14On February 13, 2023, at 2:34 p.m., counsel for Coco Developments wrote to Sabir's counsel, advising that the additional deposit had not been received. Counsel for Coco Developments stated that if the transaction was not closed by the end of the day, Sabir would be considered in default of the provisions of the APS, the APS would be deemed terminated, and Coco Developments would reserve all rights under the APS.
15Sabir failed to respond to Coco Developments' request and subsequently failed to close the transaction on the Amended Closing Date. Coco Developments was ready, willing, and able to close.
16On March 21, 2023, Coco Developments re-listed the Property for sale on the MLS at the price of $852,000. On October 17, 2023, based on the advice of its real estate agent, Coco Developments, re-listed the Property for sale on the MLS for $762,000.
17On June 12, 2024, Coco Developments received an offer to purchase the Property from Amritpal Singh for $729,000. This was the only offer they received for the Property. Coco Developments accepted the offer on June 14, 2024, and the transaction was closed on July 31, 2024.
18In Schedule "E" of the Terms and Conditions of the APS, section 25.1 provides that on the Buyer's default, the Buyer shall:
[F]orfeit all Deposit(s) in full, without prejudice to the Seller's rights to recover from the Buyer(s) all additional costs, losses, and damages arising out of the Default pursuant to the terms of this Agreement.
19As a direct result of Sabir's failure to close the APS, Coco Developments incurred damages in the total amount of $75,772.93.
20As the Property was a new build, Coco Developments was required to charge and remit H.S.T. on all sale transactions. The H.S.T. is applied on closing and a portion of the H.S.T. is rebated to the purchaser.
21Coco Developments incurred losses from the aborted sale equal to the difference in the original net purchase price and the ultimate re-sale price, plus carrying and sale costs. The net loss is $75,772.93, broken down as follows:
- Total loss – ($777,026.77 (original net purchase price) - $668,888.14 (re-sale net price) = $108,138.63
PLUS
- Realty Taxes – $833.71
- Municipality of Lakeshore Water Taxes – $1,449.39
- Hydro One – $1,099.82
- Enbridge – $1,135.45
- Security Costs – $3,115.93 (Costs incurred for third party security services after default and prorated across the 29 lots in this development which remained unsold, for the period until they are sold.)
TOTAL DEFICIENCY – $115,772.93 (LESS THE DEPOSIT – $40,000) TOTAL DAMAGES – $75,772.93
22Coco Developments commenced this proceeding via a Statement of Claim issued on March 24, 2023, and served Sabir on the same day. Sabir delivered a Statement of Defence on April 14, 2023.
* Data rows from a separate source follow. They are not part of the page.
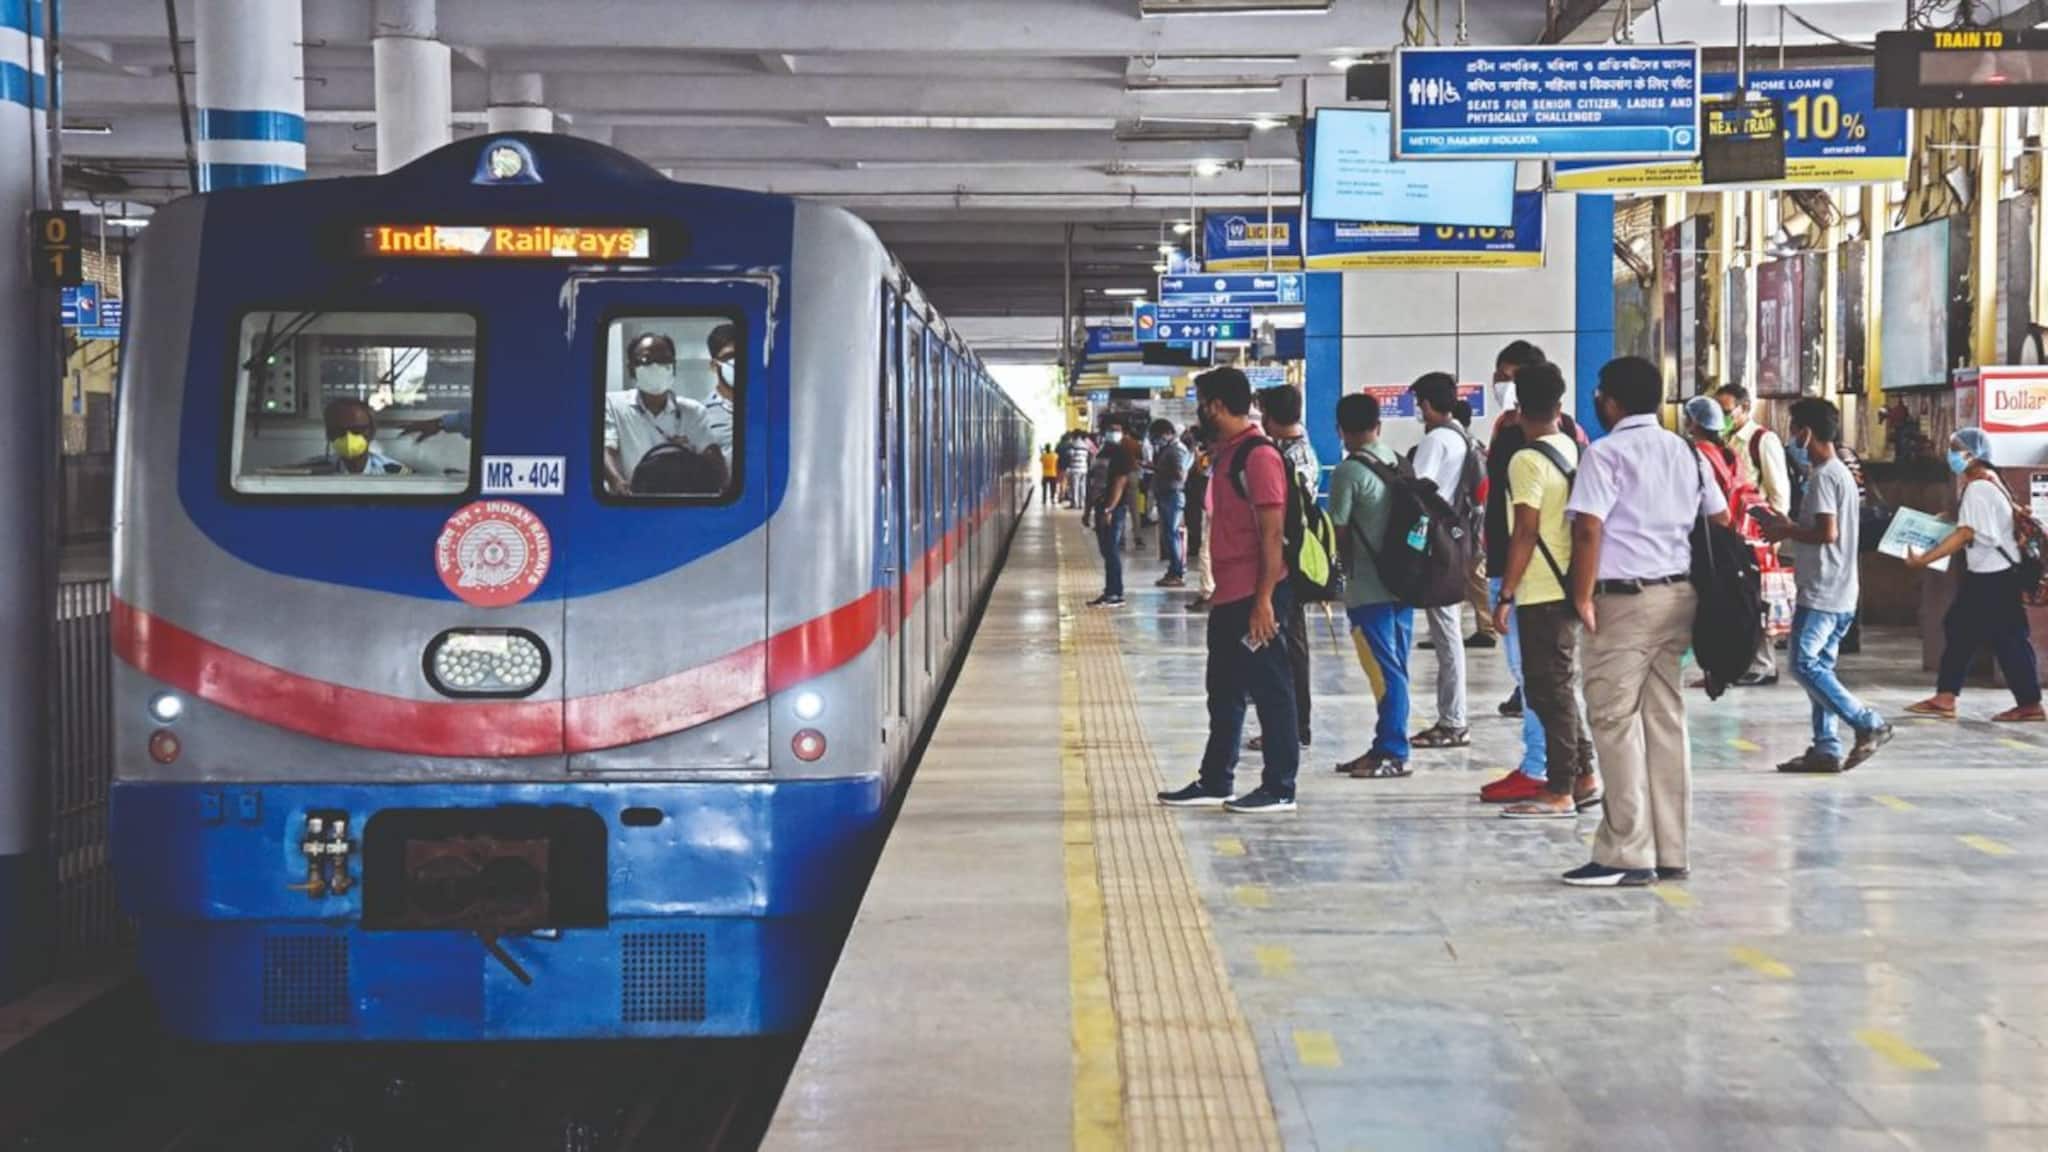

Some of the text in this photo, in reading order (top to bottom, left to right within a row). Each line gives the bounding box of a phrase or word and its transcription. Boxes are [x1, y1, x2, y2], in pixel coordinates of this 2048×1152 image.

[1935, 32, 2003, 48] TRAIN TO
[1751, 80, 1785, 90] HOME
[1789, 79, 1820, 89] LOAN
[1467, 99, 1499, 110] SEATS
[1505, 99, 1527, 110] FOR
[1533, 99, 1571, 110] SENIOR
[1627, 97, 1665, 108] LADIES
[1671, 97, 1692, 108] AND
[1467, 112, 1601, 123] PHYSICALLY CHALLENGED
[1709, 120, 1738, 134] NEX
[1409, 136, 1538, 146] METRO RAILWAY KOLKATA
[1823, 145, 1865, 154] onwards
[46, 218, 66, 242] 0
[379, 226, 636, 258] Indi Railways
[1995, 390, 2046, 410] Dollar
[487, 462, 513, 488] MR
[529, 462, 560, 488] 404
[486, 502, 550, 585] INDIAN RAILWAYS
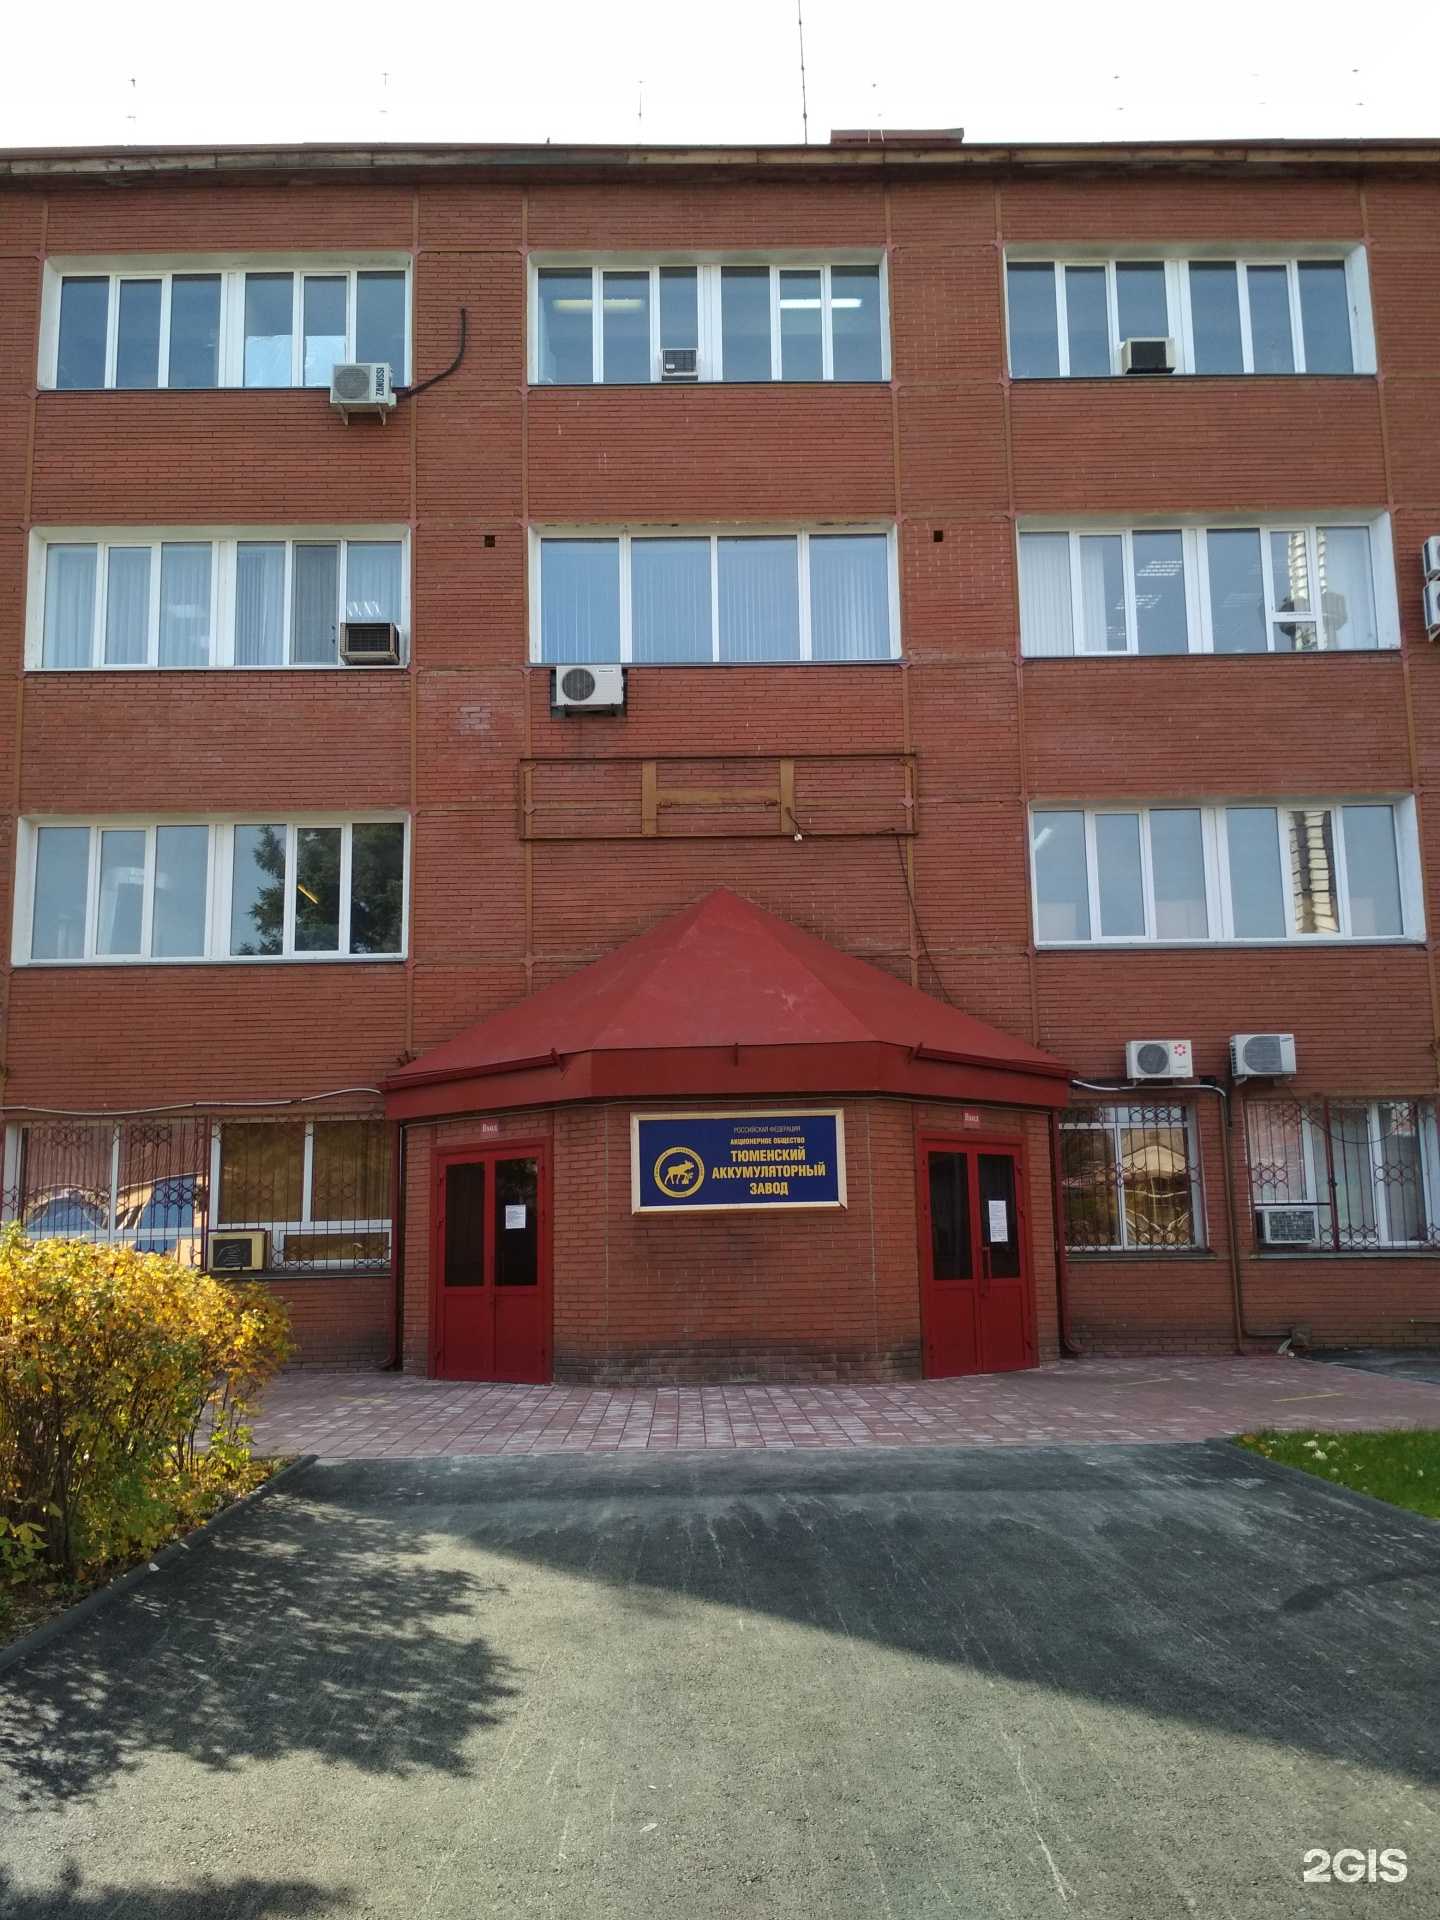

C. THE LAW OF SUMMARY JUDGMENT
23Rule 20.04(2) states:
(2) The court shall grant summary judgment if,
(a) the court is satisfied that there is no genuine issue requiring a trial with respect to a claim or defence; or
(b) the parties agree to have all or part of the claim determined by a summary judgment and the court is satisfied that it is appropriate to grant summary judgment.
24In Hryniak v. Mauldin, 2014 SCC 7, [2014] 1 S.C.R. 87, the Supreme Court of Canada provided guidance on circumstances in which summary judgment is appropriate. At paras. 49-50, Karakatsanis J., writing for the court, stated:
There will be no genuine issue requiring a trial when the judge is able to reach a fair and just determination on the merits on a motion for summary judgment. This will be the case when the process (1) allows the judge to make the necessary findings of fact, (2) allows the judge to apply the law to the facts, and (3) is a proportionate, more expeditious and less expensive means to achieve a just result.
These principles are interconnected, and all speak to whether summary judgment will provide a fair and just adjudication. When a summary judgment motion allows the judge to find the necessary facts and resolve the dispute, proceeding to trial would generally not be proportionate, timely or cost effective. Similarly, a process that does not give a judge confidence in her conclusions can never be the proportionate way to resolve a dispute. It bears reiterating that the standard for fairness is not whether the procedure is as exhaustive as a trial, but whether it gives the judge confidence that she can find the necessary facts and apply the relevant legal principles so as to resolve the dispute.
25If there appears to be a genuine issue requiring a trial, the judge should then determine if the need for a trial can be avoided by using the fact-finding powers under r. 20.04(2.1) and r. 20.04(2.2).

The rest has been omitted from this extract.